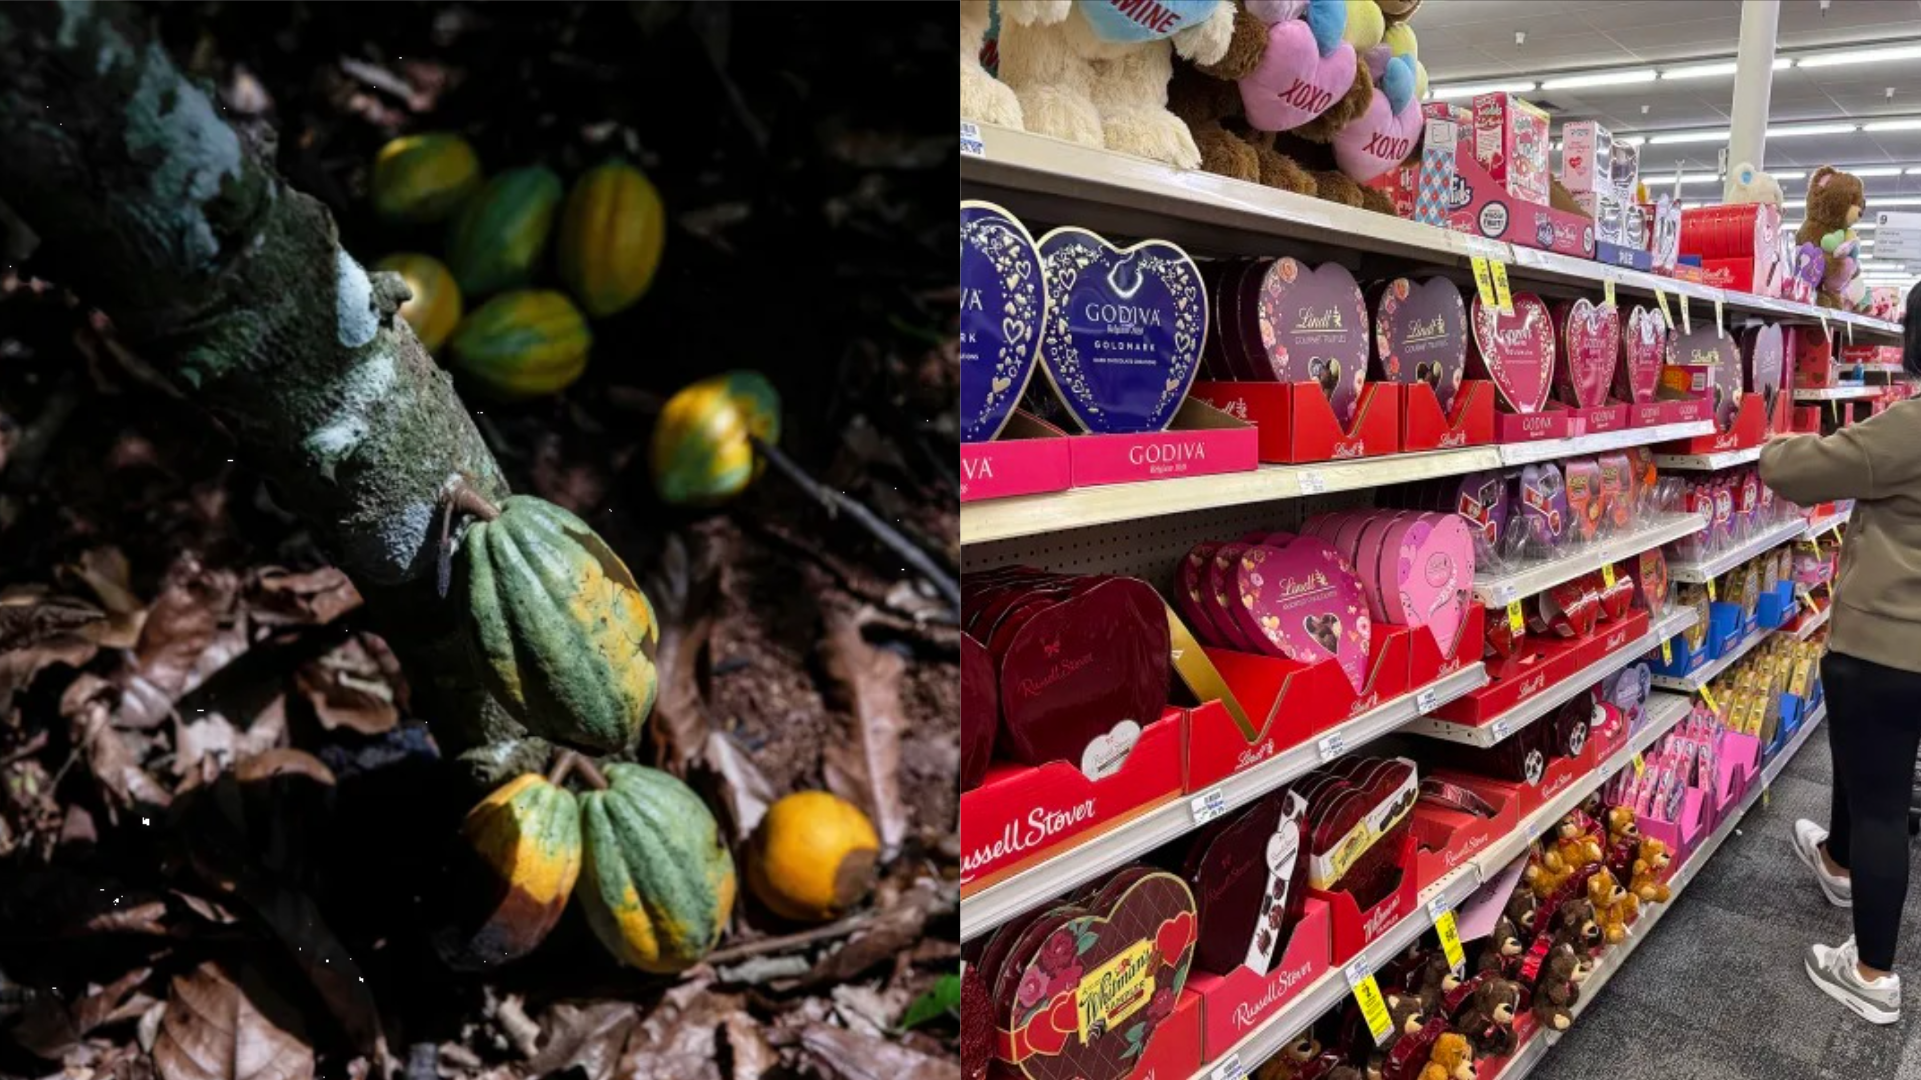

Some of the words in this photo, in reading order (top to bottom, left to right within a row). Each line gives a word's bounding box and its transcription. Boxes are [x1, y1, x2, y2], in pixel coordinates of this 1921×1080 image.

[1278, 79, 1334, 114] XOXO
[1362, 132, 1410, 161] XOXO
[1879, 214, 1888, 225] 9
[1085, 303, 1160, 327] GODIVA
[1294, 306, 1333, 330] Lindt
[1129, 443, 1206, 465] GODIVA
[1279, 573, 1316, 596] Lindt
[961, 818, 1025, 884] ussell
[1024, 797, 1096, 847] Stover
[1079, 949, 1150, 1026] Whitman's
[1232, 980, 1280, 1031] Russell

────────────────────

Will you restate every entry word for word and omit the images?

→ Problem solution:
Some of the words in this photo, in reading order (top to bottom, left to right within a row). Each line gives a word's bounding box and its transcription. Boxes are [x1, y1, x2, y2], in pixel coordinates of this 1921×1080 image.

[1278, 79, 1334, 114] XOXO
[1362, 132, 1410, 161] XOXO
[1879, 214, 1888, 225] 9
[1085, 303, 1160, 327] GODIVA
[1294, 306, 1333, 330] Lindt
[1129, 443, 1206, 465] GODIVA
[1279, 573, 1316, 596] Lindt
[961, 818, 1025, 884] ussell
[1024, 797, 1096, 847] Stover
[1079, 949, 1150, 1026] Whitman's
[1232, 980, 1280, 1031] Russell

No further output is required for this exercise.